ハッカー、マクドナルドのスタッフおよびパートナーハブに脆弱性を発見

出典：Picture Library（Alamy Stock Photo経由）

マクドナルドで無料のチキンマックナゲットを手に入れようとした倫理的ハッカーが、ファストフード大手のパートナーおよび従業員向けポータルに多数の脆弱性を偶然発見し、機密データが漏洩していることが明らかになりました。

「BobdaHacker」というオンライン名のハッカーは、同社の顧客リワードシステムを使ってポイントを使い食べ物と交換しようとした際、マクドナルドの「Feel-Good Design Hub」にサーバーサイドの脆弱性を発見したと、今週公開されたブログ記事で述べています。この最初の発見がきっかけとなり、世界120カ国以上のパートナーがブランド資産やマーケティング資料のために利用するこのプラットフォームだけでなく、他のパートナーや従業員向けの企業ハブにも複数の問題があることが判明しました。

BobdaHackerによると、これらの脆弱性によりAPIキーなどの機密データが漏洩し、不正なユーザーが従業員権限を昇格させて企業データにアクセスできたり、フランチャイズオーナーのウェブサイトを不正に変更できるなど、さまざまなセキュリティリスクが存在していました。

セキュリティ上の問題を生み出すだけでなく、マクドナルドは倫理的ハッカーや研究者が発見した脆弱性を報告することも困難にしていると、ハッカーは述べています。同社のウェブサイトにはセキュリティ連絡先やバグ報告プログラムがなく、BobdaHackerはLinkedInで見つけたセキュリティ担当者の名前を使ってマクドナルド本社に電話をかけ、ようやく報告先を見つけたといいます。

「本社のホットラインは、つなぎたい相手の名前を言うように求めるだけです」と投稿で書いています。「だから私は何度も電話をかけ、ランダムにセキュリティ担当者の名前を言い続けました。最終的に重要な人物から折り返し連絡があり、実際に問題を報告できる場所を教えてもらいました。」

脆弱性が機密データを漏洩

この一連の出来事は、BobdaHackerがマクドナルドのポイント交換システムが、特定の商品に十分なポイントがあるかどうかを確認する際にクライアントサイドのみで保護され、サーバーサイドの保護がなかったことを発見したことから始まりました。さらに調査を進めると、デザインハブもクライアントサイドのパスワードのみでセキュリティを担保していることがわかりました。

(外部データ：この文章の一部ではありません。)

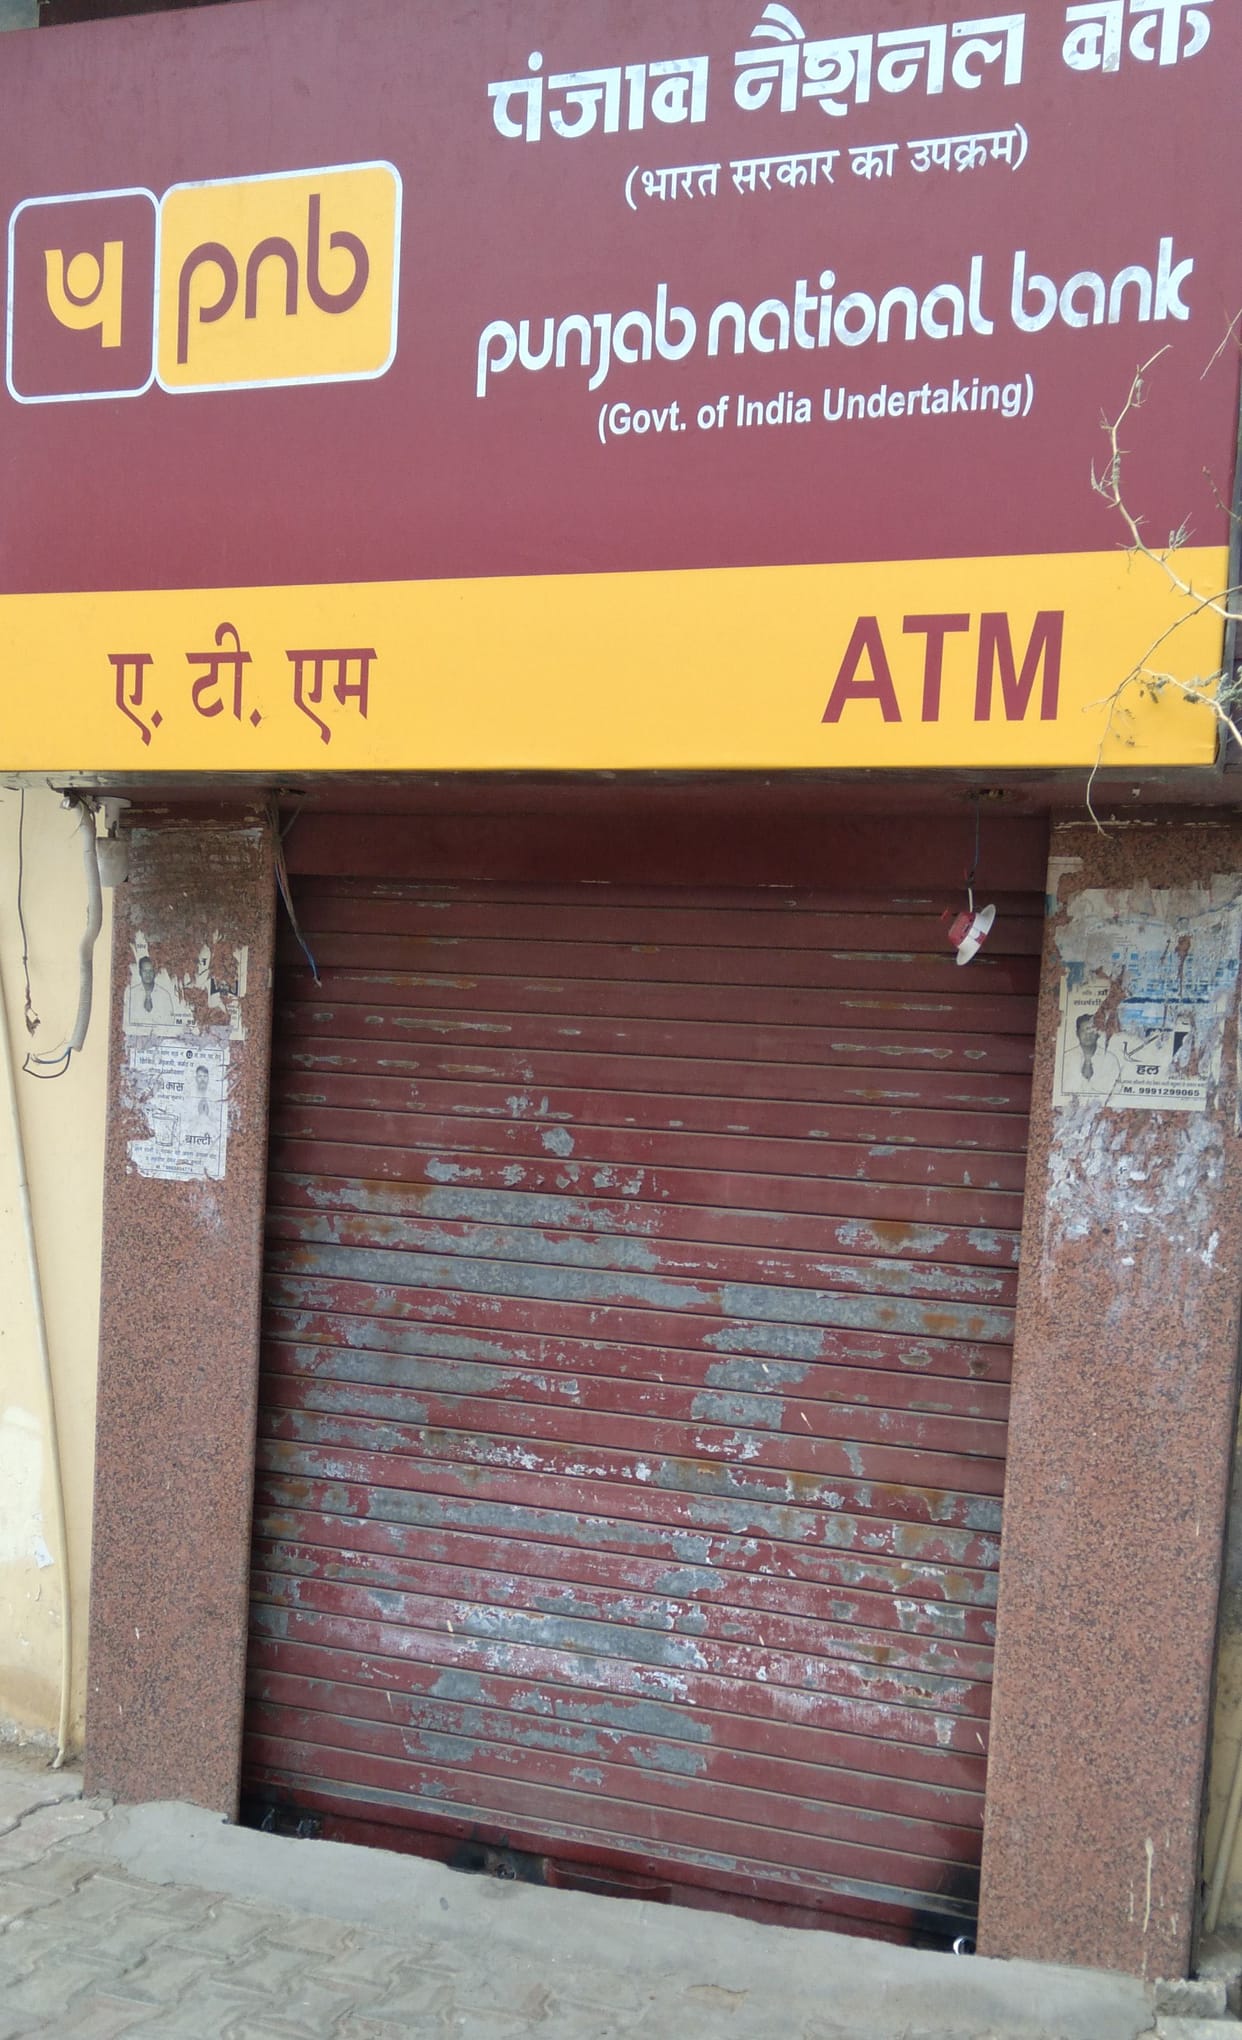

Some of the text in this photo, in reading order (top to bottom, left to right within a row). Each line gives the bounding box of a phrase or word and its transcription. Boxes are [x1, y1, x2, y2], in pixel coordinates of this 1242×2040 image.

ハッカーはこの問題をファストフード大手に報告し、マクドナルドは3か月後に「マクドナルド従業員（EID/MCIDを使用）と外部パートナー向けに異なるログイン経路を持つ適切なアカウントシステム」を実装することで、ようやく修正したと投稿で述べています。

しかし、修正後もインターネットにエンドポイントが露出する別のセキュリティ脆弱性が残っており、それがさらなる多数の問題の発見につながったとハッカーは述べています。

「やったことはURLの ‘login’ を ‘register’ に変えただけ……[すると]エンドポイントが完全に開放されていました」と投稿に書かれています。さらに「すべての項目を入力せずに登録しようとすると、何が足りないかをそのまま教えてくれました」とも述べています。

このようにして、BobdaHackerはデザインハブに登録ユーザーとしてサインアップすることができ、マクドナルドからはパスワードが平文でメール送信されました。そこから、同社の認定パートナーであるかのようにハブ上の「機密」資料にアクセスできました。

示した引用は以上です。